Cloud computing has come a long way since its early iterations, and virtual machines can now be found in both on- and off-premise data centers across the enterprise. With such widespread adoption in the private sector, however, why does the cloud still carry negative connotations when considered by IT leaders in federal agencies?
Even if you've experimented with hosted services in the past, chances are that you still rely primarily on legacy assets to perform daily compute, memory and storage operations. Many organizations have not even migrated a single shred of their tech resources to the cloud. What accounts for this hesitation across the public arena and what can you do to set your cloud fears aside?
A matter of comfort
For a large contingent of federal IT decision-makers, apprehension surrounding cloud migration is simply a result of habit and comfort. Legacy systems are named so for a reason - for many IT admins, these assets are all they have ever known, resulting in a feeling of familiarity and expertise. This is enough of a reason to shun the cloud for some organizations, despite the saturation of positive testimonials coming from every corner of the private sector.
InformationWeek pointed out that a loss of control constitutes much of the cloud skepticism seen in federal agencies, especially those handling sensitive citizen and government data. With growing fears of data breaches and cybercriminal attacks, this sentiment may be warranted, but is cloud avoidance the only answer?

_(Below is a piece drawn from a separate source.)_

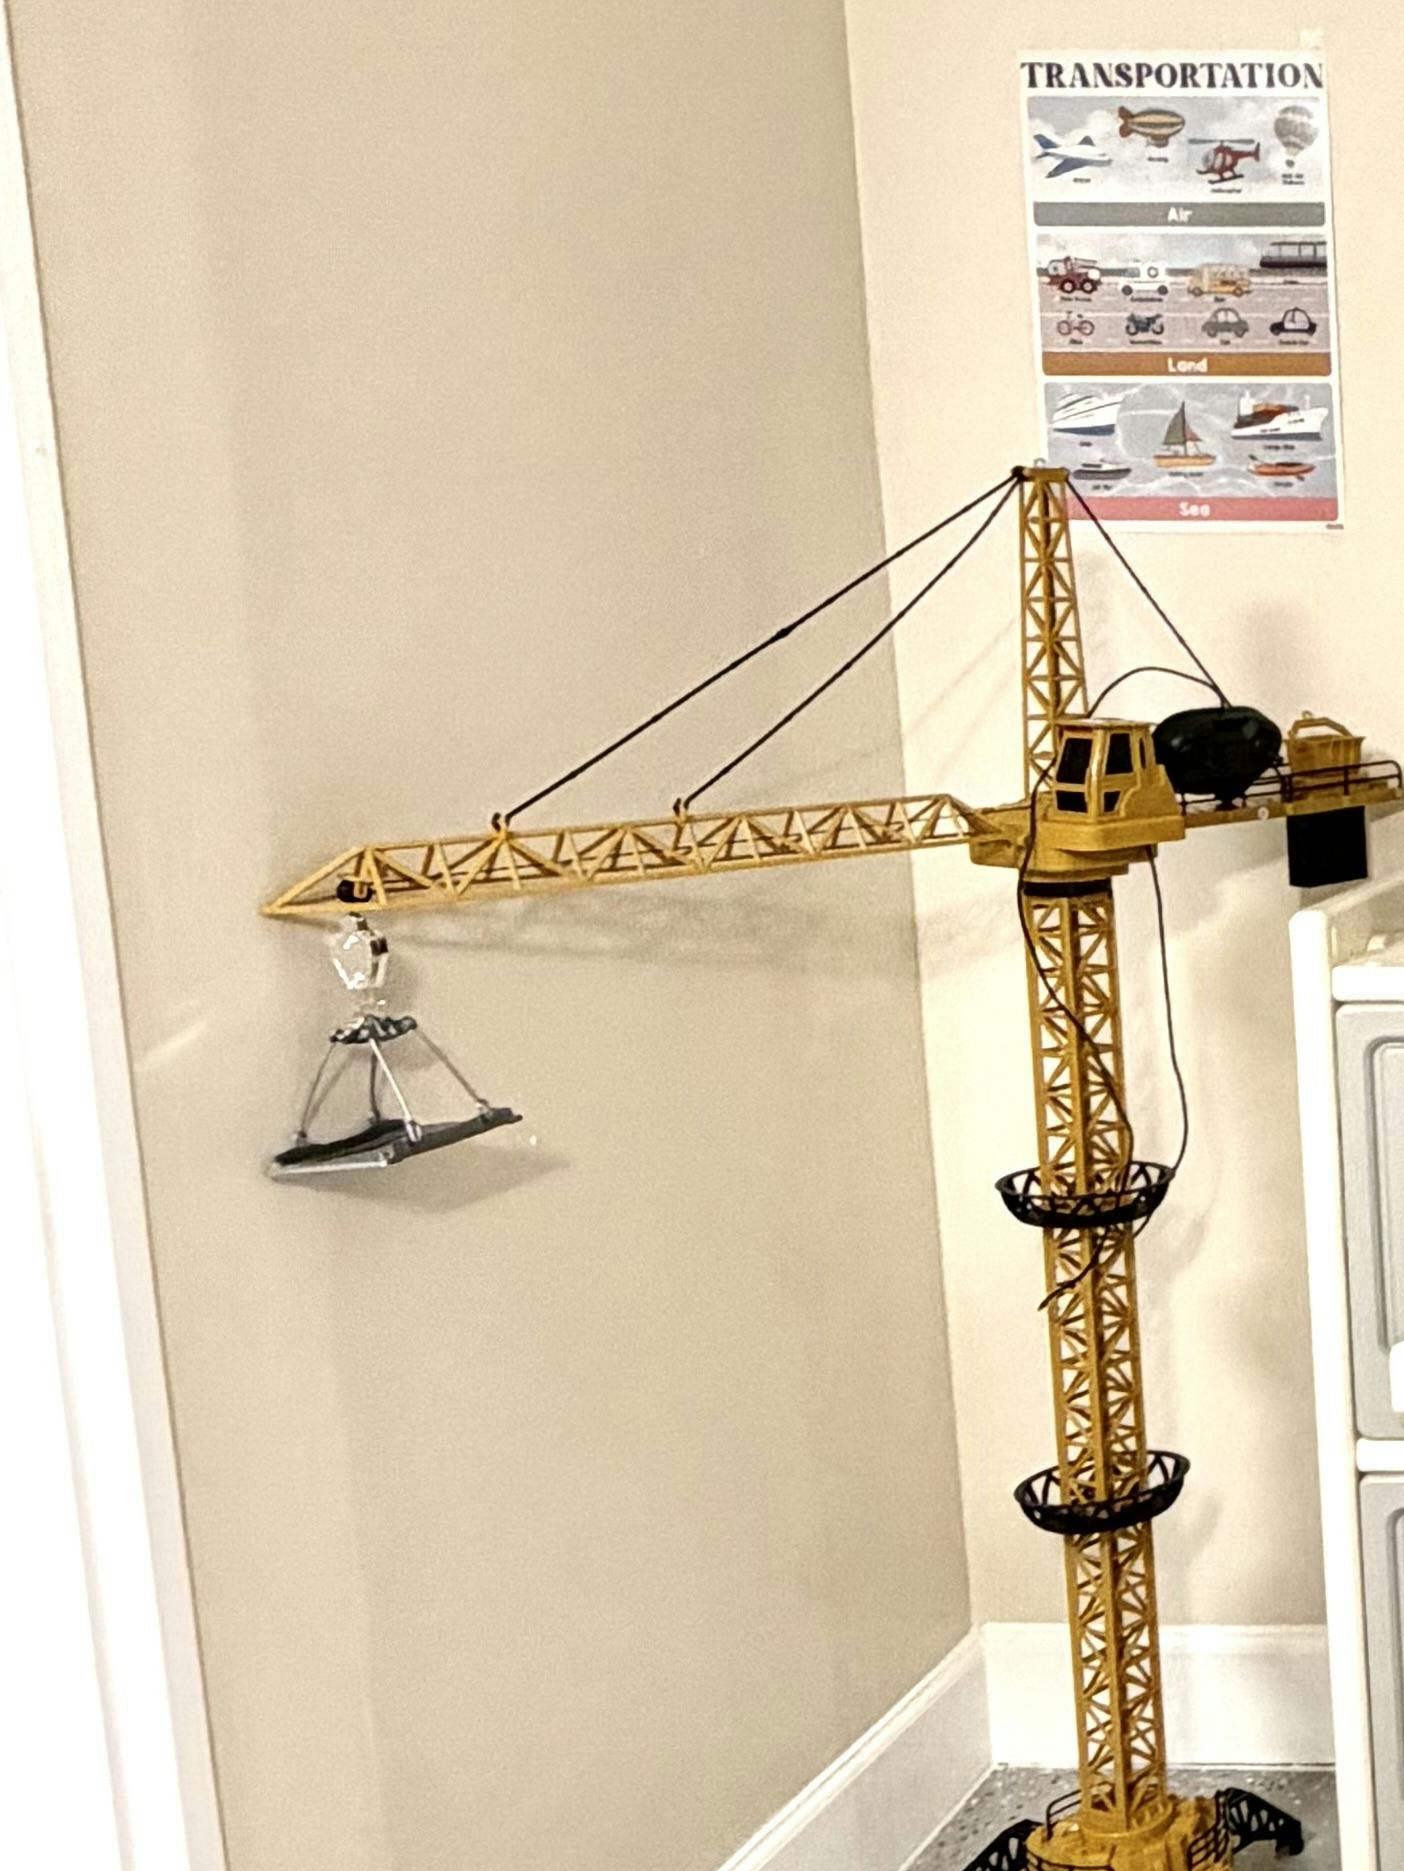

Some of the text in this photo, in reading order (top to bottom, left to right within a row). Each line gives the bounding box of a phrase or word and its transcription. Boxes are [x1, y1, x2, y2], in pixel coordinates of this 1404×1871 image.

[1020, 61, 1324, 89] TRANSPORTATION
[1167, 207, 1193, 223] Air
[1167, 357, 1208, 373] Land
[1178, 502, 1211, 518] Sea
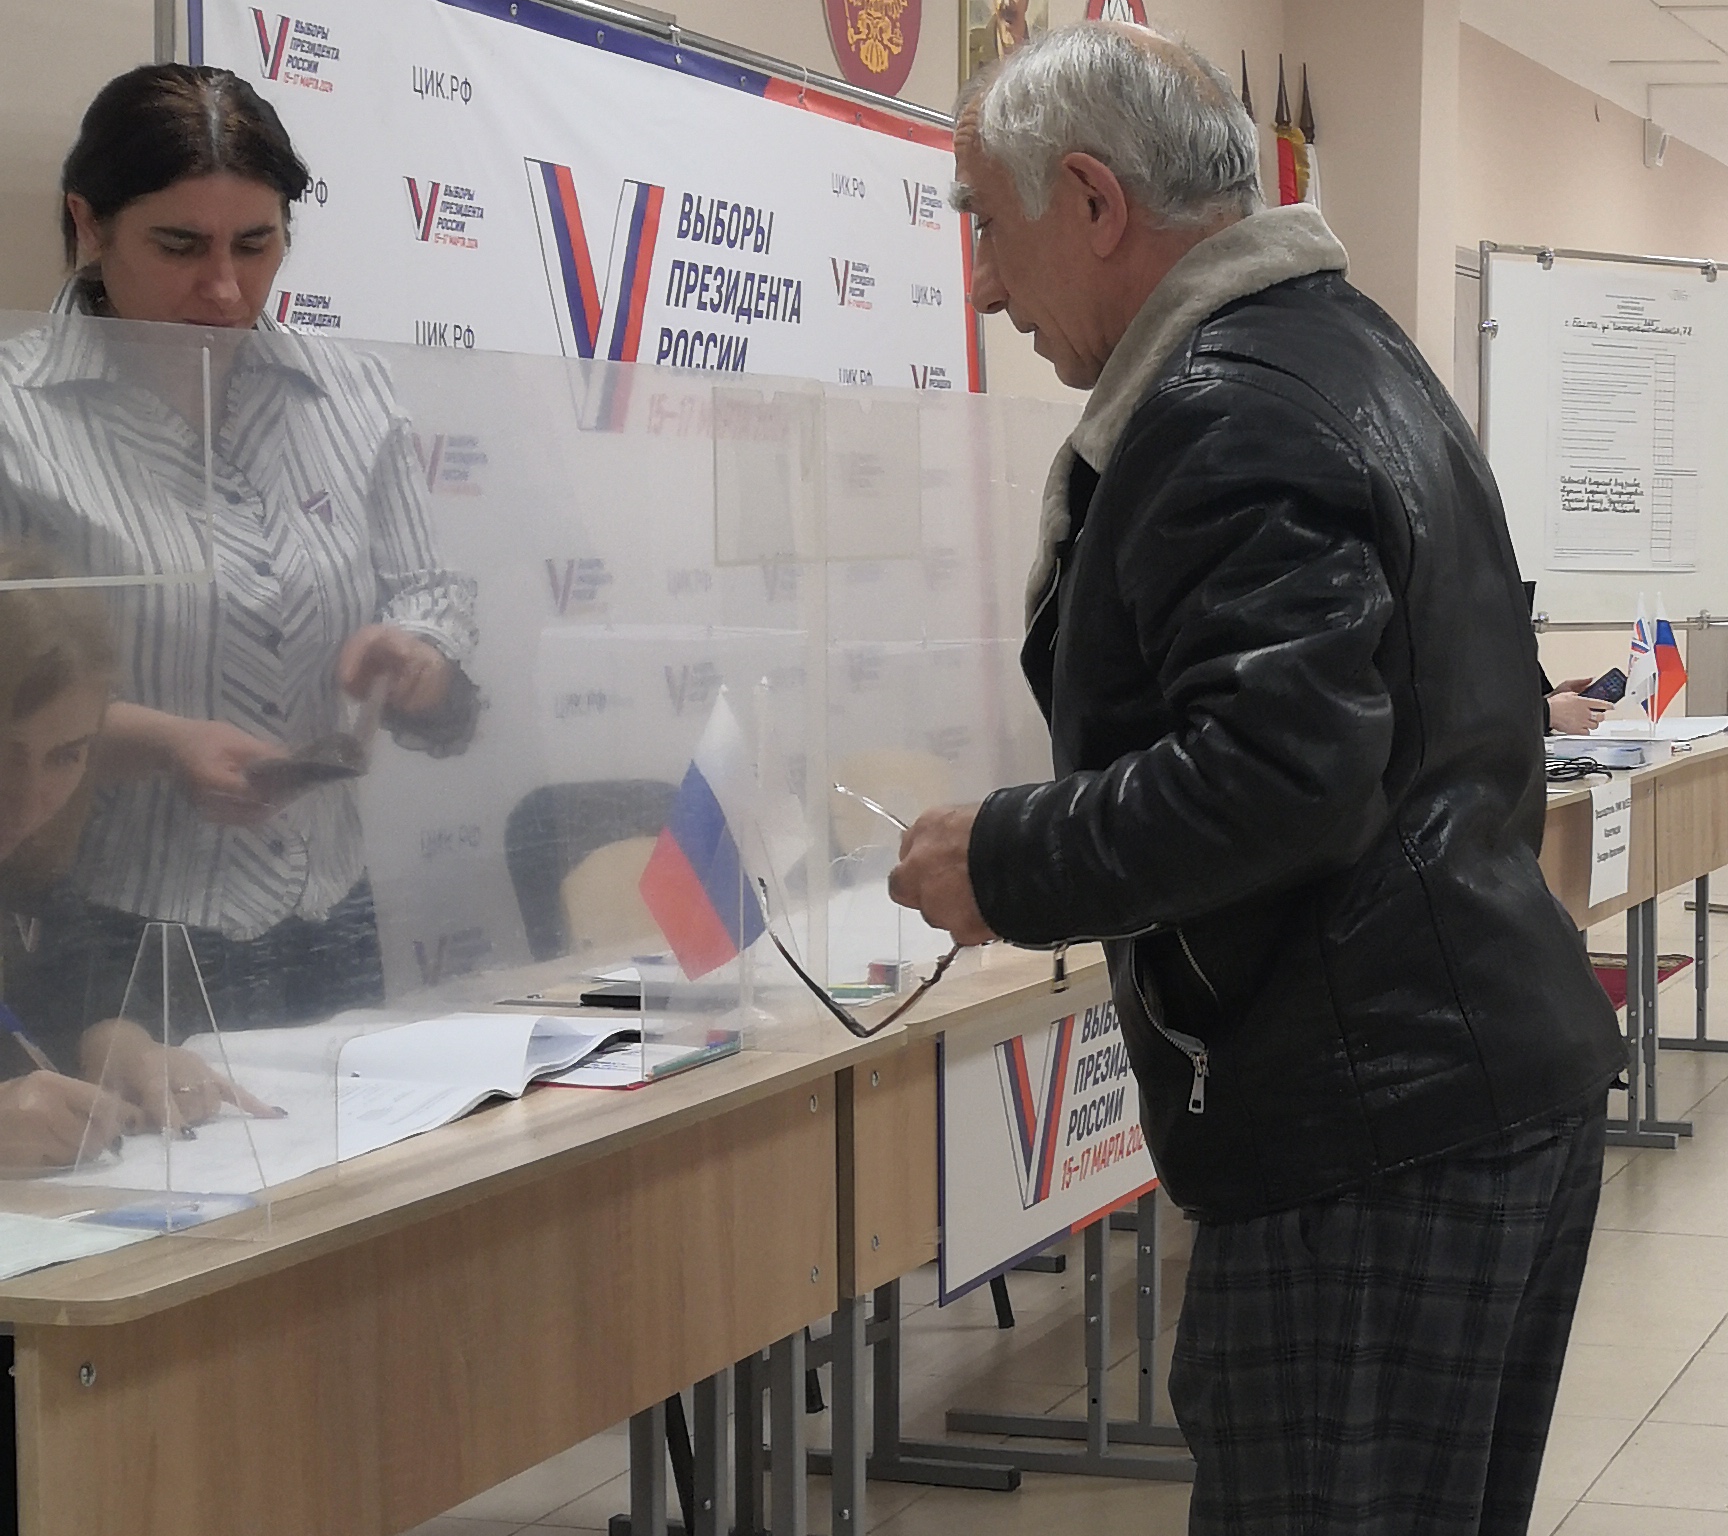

The source examined a recent report from MeriTalk titled "Cloud Control: Moving to the Comfort Zone," revealed the findings from a survey of 153 government IT executives. MeriTalk's report showed that 89 percent of respondents were concerned about losing command over their data by moving it to the cloud, while only 44 percent of the organizations using the technology believe they are "mature" in their operations. You certainly have your work cut out for you, and the source recommended starting with hybrid deployments to ease your organization into the cloud.
"With the introduction of new hybrid cloud architectures, data stewardship becomes even more complex, as data must be managed and accessed across any cloud," Kirk Kern, chief technology officer of the US public sector at NetApp, stated, according to the news source. NetApp, a provider of network data storage and management, co-sponsored the report with Arrow Electronics.
Getting the ball rolling
If you find yourself in negotiation gridlock when it comes to cloud procurement for your organization, support from a third-party service provider may be the missing component in your boardroom argument. While InformationWeek pointed out that most agencies are looking to build trust with their providers, there is no substitute for expertise when it comes to cultivating positive IT alliances.
According to Government Technology, cloud vendors specializing in public sector operations are better equipped to assist federal agencies in large-scale migrations, as they understand the unique concerns of the decision-makers in the arena. Former Colorado CIO Kristin Russell, now director of Deloitte Digital, recounted her experience of high-level cloud discussions with the source.
"What we typically find is that although at times we start from positions that are 180 degrees apart from one another, we usually can get to a mutually agreeable position," Russell told the news provider. "This allows us to perhaps shorten the time necessary to get to that position where interests are aligned between both parties."
There are plenty of ways to securely and swiftly migrate your infrastructure to the cloud - you only need to align yourself with the right partners and build a blueprint as a team.